*Materials provided:*
※ ※ ※

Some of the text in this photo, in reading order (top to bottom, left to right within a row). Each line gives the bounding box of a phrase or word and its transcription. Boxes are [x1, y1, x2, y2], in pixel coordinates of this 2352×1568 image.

※ ※ ※

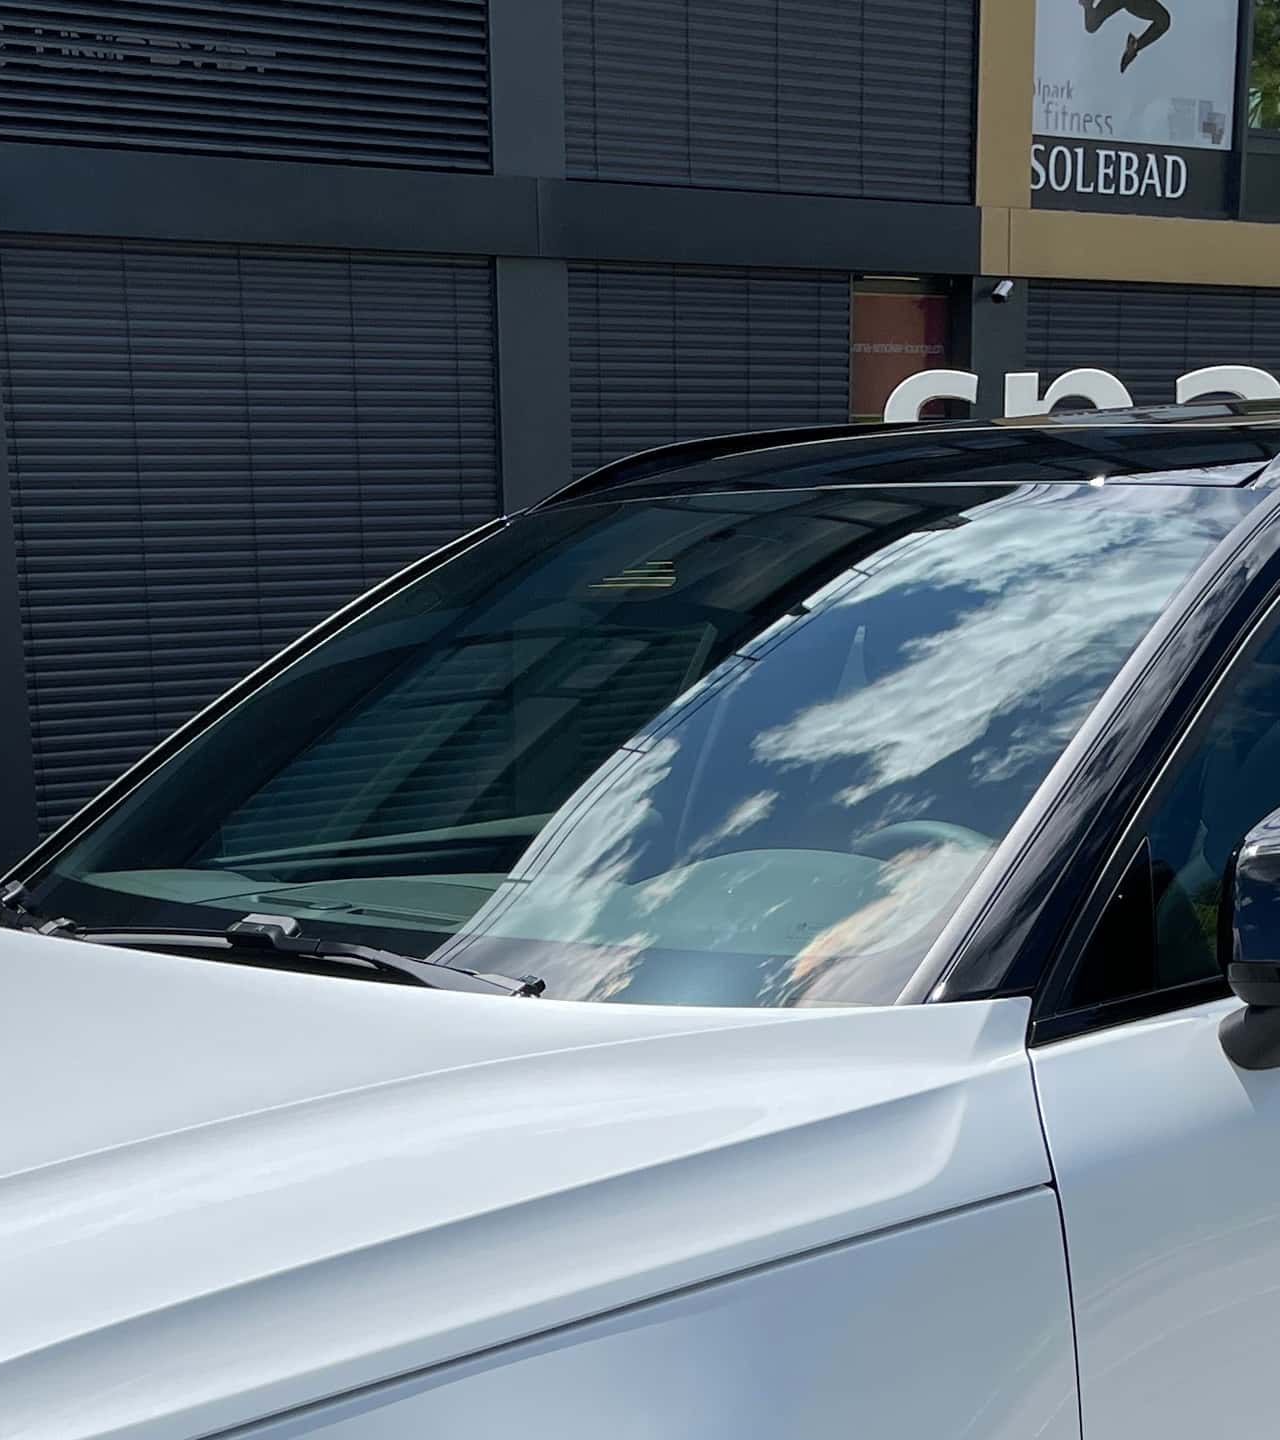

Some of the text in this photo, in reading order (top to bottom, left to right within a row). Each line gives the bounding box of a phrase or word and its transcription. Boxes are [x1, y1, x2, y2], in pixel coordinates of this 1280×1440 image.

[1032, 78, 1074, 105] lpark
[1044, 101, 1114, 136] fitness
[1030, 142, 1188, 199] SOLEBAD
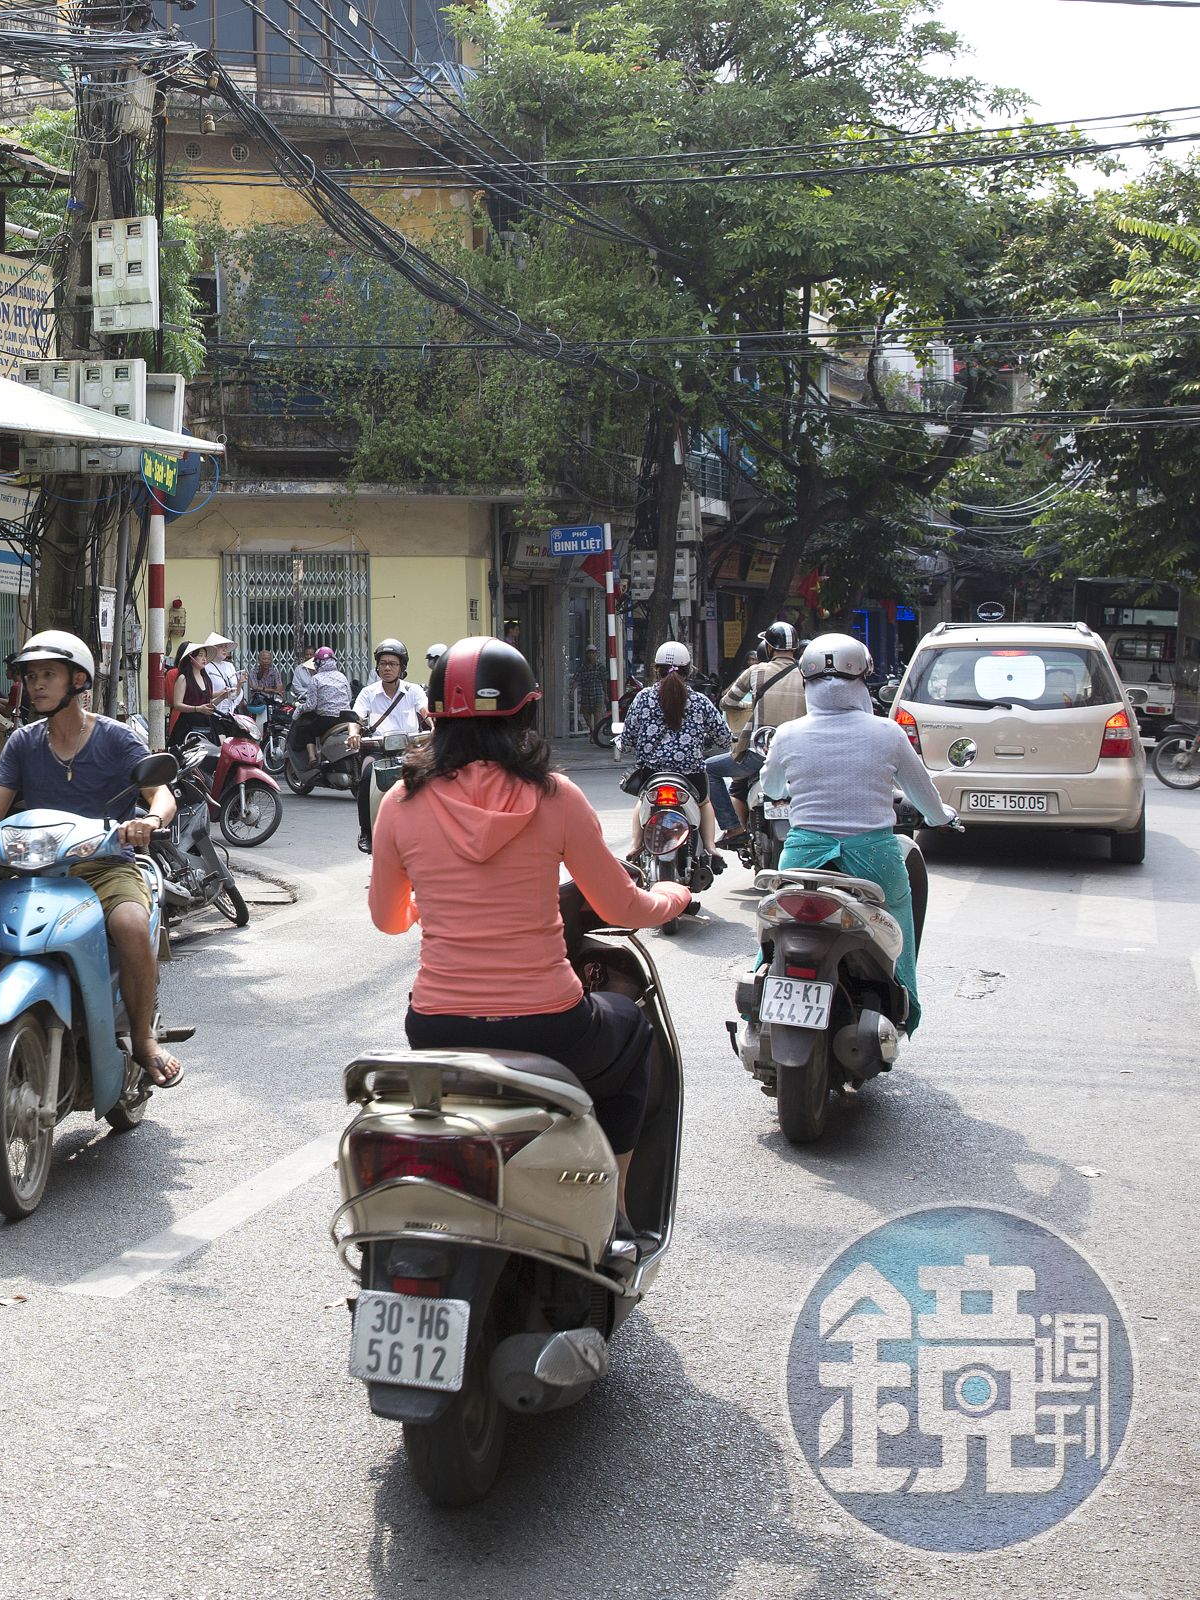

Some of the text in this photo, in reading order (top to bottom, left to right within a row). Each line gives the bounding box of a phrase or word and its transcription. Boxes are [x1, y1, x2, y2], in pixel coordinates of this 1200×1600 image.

※ ※ ※

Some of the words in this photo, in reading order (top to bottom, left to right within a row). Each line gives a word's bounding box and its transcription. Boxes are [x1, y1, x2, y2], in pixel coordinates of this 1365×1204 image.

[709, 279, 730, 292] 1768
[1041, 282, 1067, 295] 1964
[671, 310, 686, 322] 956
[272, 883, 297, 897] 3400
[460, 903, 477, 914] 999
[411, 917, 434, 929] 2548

※ ※ ※

*Task directions:*
Print, word for word, the lines above that run from the line containing "this 1280×1440 image." to the line containing "this 1200×1600 image.", both included. Keep the pictures out.

*Result of this exercise:*
Some of the text in this photo, in reading order (top to bottom, left to right within a row). Each line gives the bounding box of a phrase or word and its transcription. Boxes are [x1, y1, x2, y2], in pixel coordinates of this 1280×1440 image.

[1032, 78, 1074, 105] lpark
[1044, 101, 1114, 136] fitness
[1030, 142, 1188, 199] SOLEBAD

Some of the text in this photo, in reading order (top to bottom, left to right within a row). Each line gives the bounding box of a phrase or word and its transcription. Boxes are [x1, y1, x2, y2], in pixel coordinates of this 1200×1600 image.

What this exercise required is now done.